● What is required: The answer must reproduce all of the data below exactly and contain no images.

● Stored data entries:
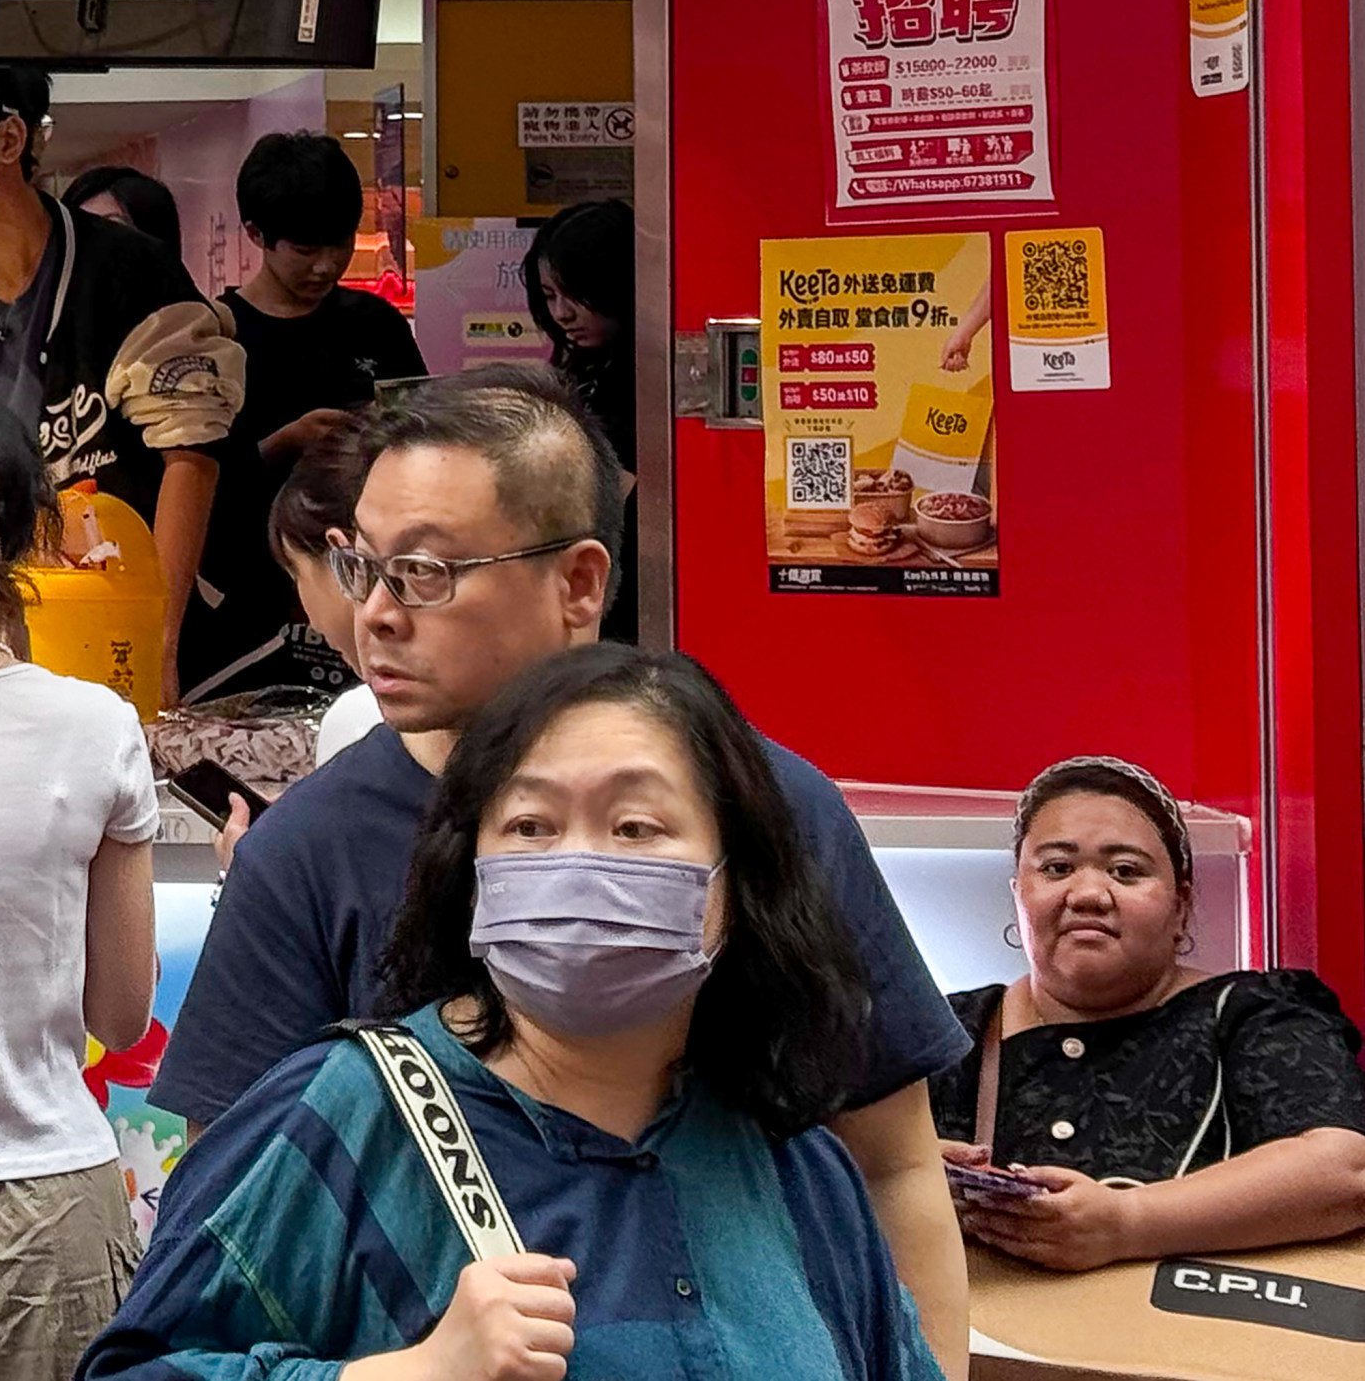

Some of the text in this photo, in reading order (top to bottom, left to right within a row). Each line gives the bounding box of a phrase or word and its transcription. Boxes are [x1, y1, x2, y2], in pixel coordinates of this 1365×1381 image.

[895, 55, 998, 75] $15000-22000
[524, 133, 601, 145] Pets No Entry
[843, 271, 936, 294] 外送免運費
[778, 307, 850, 330] 外賣自取
[1174, 1268, 1308, 1309] C.P.U.

● Task response:
Some of the text in this photo, in reading order (top to bottom, left to right within a row). Each line gives the bounding box of a phrase or word and its transcription. Boxes are [x1, y1, x2, y2], in pixel coordinates of this 1365×1381 image.

[895, 55, 998, 75] $15000-22000
[524, 133, 601, 145] Pets No Entry
[843, 271, 936, 294] 外送免運費
[778, 307, 850, 330] 外賣自取
[1174, 1268, 1308, 1309] C.P.U.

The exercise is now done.